Berman, who met Durst in college, and was a prominent writer, and the author of multiple books inspired by her childhood as a mafia don’s daughter, kept close ties with Durst, and provided solace when his wife disappeared.

She was apparently going to be questioned about Kathleen’s disappearance by investigators in 2000, when the case was reopened. But a month prior to the planned questioning, on Christmas Eve, she was tragically murdered in her home.

“Berman’s body, with a single gunshot wound to the head, was found by police in her small home,” notes the Los Angeles Times. “She lived alone, and police were alerted only after neighbors spotted one of her dogs running loose and her door open. At the time, police said they believed she may have been killed a few days earlier, that nothing appeared to be missing from her home and that the assailant entered without signs of a struggle.”

Durst was in California at the time, according to multiple sources. A anonymous handwritten note with Berman’s address and the word “cadaver” was postmarked on the same day she was believed to have died.
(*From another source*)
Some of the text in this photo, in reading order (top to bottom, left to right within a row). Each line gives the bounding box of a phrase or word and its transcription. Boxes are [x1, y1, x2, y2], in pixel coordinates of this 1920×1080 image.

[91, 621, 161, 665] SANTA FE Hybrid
Durst did not show up for Berman’s funeral, though he reached out to her friends and remained close with her stepson—the one who provided Jarecki with the handwritten envelope. That would be the same envelope allegedly raising new questions about the “cadaver” note sent to police.

What about Morris Black?

By 2000, Durst claims he wanted to escape from the scrutiny of investigators who were reexamining the case of his missing wife. So he disguised himself as a mute woman and signed a lease for a small apartment in Galveston, Texas. That’s where he met his neighbor, Morris Black.

According to Durst, Black. a 71-Year-old former seaman, befriended Durst—who had, at some point, shed his costume. They would watch TV together and hang out in Durst’s apartment.

Then in 2001, Black’s body parts were found wrapped in bags floating in a nearby bay. Durst was arrested, though he jumped bail and was caught on the other side of the country while stealing a sandwich from a local grocery store.

At his trial, he claimed he found Black in his apartment reaching for his handgun and worried he was going to become a target. The men wrestled with the gun and it went off. Durst got off on self-defense, stating “I did not kill my best friend. I did dismember him.” By now, however, he was implicated by a jury of his peers — or rather tabloid newspapers — who traced his trail of suspicious incidents all the way back to his wife’s disappearance.

What does Robert Durst have to say?

For the record, Durst denies he had anything to do with Susan Berman’s death or his wife’s disappearance, though he did mysteriously tell Jarecki in an interview, “I am complicit in Kathie’s not being here.”

Durst, now a frail 71-year-old man, blinks often with an unnatural tightness, and speaks without legalese in his Jinx interviews, allowing statements referring to his “complicity” in Kathie’s “not being here” to suggest more psychological remorse over their unique relationship. “If she met some normal guy, like, from Long Island, she would have had a bunch of kids and would have lived an average life,” he says. He is sometimes grandiose in his responses, sometimes shockingly frank, and sometimes arguably unstable.

As viewers, we only become aware of his lawyer’s presence during his taped interviews with Jarecki in episode four, when he is muttering to himself while still miked up. “I did not knowingly, purposefully lie,” he says to himself. “I did make mistakes.” When his lawyer tells him he’s still being taped, he continues. “I did not tell the whole truth. Nobody tells the whole truth.”

Tonight, the final episode of The Jinx airs on HBO.